* _Exercise objective_
Here are some entries. Print them exactly as they are.

* _Spatial localization data_
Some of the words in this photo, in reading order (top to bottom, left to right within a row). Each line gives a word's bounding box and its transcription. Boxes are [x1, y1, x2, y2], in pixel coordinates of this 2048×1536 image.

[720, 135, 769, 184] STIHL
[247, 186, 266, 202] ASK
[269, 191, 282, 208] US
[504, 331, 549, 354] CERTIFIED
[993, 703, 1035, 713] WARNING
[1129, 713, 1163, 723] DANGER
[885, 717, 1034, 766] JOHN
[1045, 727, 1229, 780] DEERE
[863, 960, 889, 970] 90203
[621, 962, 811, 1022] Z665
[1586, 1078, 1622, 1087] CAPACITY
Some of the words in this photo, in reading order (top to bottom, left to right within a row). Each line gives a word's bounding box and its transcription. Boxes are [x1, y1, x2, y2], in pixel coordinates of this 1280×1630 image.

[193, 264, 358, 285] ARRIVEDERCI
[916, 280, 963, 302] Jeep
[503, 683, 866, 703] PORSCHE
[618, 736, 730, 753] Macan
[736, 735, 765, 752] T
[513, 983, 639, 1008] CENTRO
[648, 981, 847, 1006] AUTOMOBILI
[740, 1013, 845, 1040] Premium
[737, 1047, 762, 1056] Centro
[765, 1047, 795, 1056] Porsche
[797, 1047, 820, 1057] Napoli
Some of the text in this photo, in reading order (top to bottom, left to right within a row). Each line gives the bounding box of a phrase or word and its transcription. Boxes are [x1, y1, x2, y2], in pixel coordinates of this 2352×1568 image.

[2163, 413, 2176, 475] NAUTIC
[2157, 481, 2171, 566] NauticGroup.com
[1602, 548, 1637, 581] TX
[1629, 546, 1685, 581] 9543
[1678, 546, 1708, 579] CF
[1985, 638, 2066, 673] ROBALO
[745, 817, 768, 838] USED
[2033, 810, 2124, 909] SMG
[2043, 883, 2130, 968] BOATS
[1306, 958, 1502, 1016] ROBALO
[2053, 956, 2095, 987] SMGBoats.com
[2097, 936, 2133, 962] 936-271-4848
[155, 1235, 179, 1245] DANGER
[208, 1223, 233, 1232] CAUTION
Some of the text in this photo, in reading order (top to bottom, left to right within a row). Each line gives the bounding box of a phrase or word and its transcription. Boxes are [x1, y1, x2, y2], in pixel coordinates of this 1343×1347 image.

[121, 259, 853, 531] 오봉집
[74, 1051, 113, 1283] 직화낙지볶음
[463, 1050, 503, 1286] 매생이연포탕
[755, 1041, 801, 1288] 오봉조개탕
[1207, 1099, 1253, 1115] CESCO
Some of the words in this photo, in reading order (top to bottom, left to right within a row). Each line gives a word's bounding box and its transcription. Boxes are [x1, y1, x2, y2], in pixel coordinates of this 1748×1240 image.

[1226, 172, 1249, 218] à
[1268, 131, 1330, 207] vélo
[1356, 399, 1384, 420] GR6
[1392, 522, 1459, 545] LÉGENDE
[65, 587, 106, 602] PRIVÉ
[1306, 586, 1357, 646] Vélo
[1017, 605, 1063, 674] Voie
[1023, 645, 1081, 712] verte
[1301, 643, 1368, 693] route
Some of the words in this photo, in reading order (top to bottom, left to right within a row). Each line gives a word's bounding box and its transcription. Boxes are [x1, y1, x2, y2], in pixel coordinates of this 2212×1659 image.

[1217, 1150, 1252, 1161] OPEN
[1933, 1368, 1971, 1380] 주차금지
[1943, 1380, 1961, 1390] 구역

* _Finished task_
Some of the words in this photo, in reading order (top to bottom, left to right within a row). Each line gives a word's bounding box and its transcription. Boxes are [x1, y1, x2, y2], in pixel coordinates of this 2048×1536 image.

[720, 135, 769, 184] STIHL
[247, 186, 266, 202] ASK
[269, 191, 282, 208] US
[504, 331, 549, 354] CERTIFIED
[993, 703, 1035, 713] WARNING
[1129, 713, 1163, 723] DANGER
[885, 717, 1034, 766] JOHN
[1045, 727, 1229, 780] DEERE
[863, 960, 889, 970] 90203
[621, 962, 811, 1022] Z665
[1586, 1078, 1622, 1087] CAPACITY
Some of the words in this photo, in reading order (top to bottom, left to right within a row). Each line gives a word's bounding box and its transcription. Boxes are [x1, y1, x2, y2], in pixel coordinates of this 1280×1630 image.

[193, 264, 358, 285] ARRIVEDERCI
[916, 280, 963, 302] Jeep
[503, 683, 866, 703] PORSCHE
[618, 736, 730, 753] Macan
[736, 735, 765, 752] T
[513, 983, 639, 1008] CENTRO
[648, 981, 847, 1006] AUTOMOBILI
[740, 1013, 845, 1040] Premium
[737, 1047, 762, 1056] Centro
[765, 1047, 795, 1056] Porsche
[797, 1047, 820, 1057] Napoli
Some of the text in this photo, in reading order (top to bottom, left to right within a row). Each line gives the bounding box of a phrase or word and its transcription. Boxes are [x1, y1, x2, y2], in pixel coordinates of this 2352×1568 image.

[2163, 413, 2176, 475] NAUTIC
[2157, 481, 2171, 566] NauticGroup.com
[1602, 548, 1637, 581] TX
[1629, 546, 1685, 581] 9543
[1678, 546, 1708, 579] CF
[1985, 638, 2066, 673] ROBALO
[745, 817, 768, 838] USED
[2033, 810, 2124, 909] SMG
[2043, 883, 2130, 968] BOATS
[1306, 958, 1502, 1016] ROBALO
[2053, 956, 2095, 987] SMGBoats.com
[2097, 936, 2133, 962] 936-271-4848
[155, 1235, 179, 1245] DANGER
[208, 1223, 233, 1232] CAUTION
Some of the text in this photo, in reading order (top to bottom, left to right within a row). Each line gives the bounding box of a phrase or word and its transcription. Boxes are [x1, y1, x2, y2], in pixel coordinates of this 1343×1347 image.

[121, 259, 853, 531] 오봉집
[74, 1051, 113, 1283] 직화낙지볶음
[463, 1050, 503, 1286] 매생이연포탕
[755, 1041, 801, 1288] 오봉조개탕
[1207, 1099, 1253, 1115] CESCO
Some of the words in this photo, in reading order (top to bottom, left to right within a row). Each line gives a word's bounding box and its transcription. Boxes are [x1, y1, x2, y2], in pixel coordinates of this 1748×1240 image.

[1226, 172, 1249, 218] à
[1268, 131, 1330, 207] vélo
[1356, 399, 1384, 420] GR6
[1392, 522, 1459, 545] LÉGENDE
[65, 587, 106, 602] PRIVÉ
[1306, 586, 1357, 646] Vélo
[1017, 605, 1063, 674] Voie
[1023, 645, 1081, 712] verte
[1301, 643, 1368, 693] route
Some of the words in this photo, in reading order (top to bottom, left to right within a row). Each line gives a word's bounding box and its transcription. Boxes are [x1, y1, x2, y2], in pixel coordinates of this 2212×1659 image.

[1217, 1150, 1252, 1161] OPEN
[1933, 1368, 1971, 1380] 주차금지
[1943, 1380, 1961, 1390] 구역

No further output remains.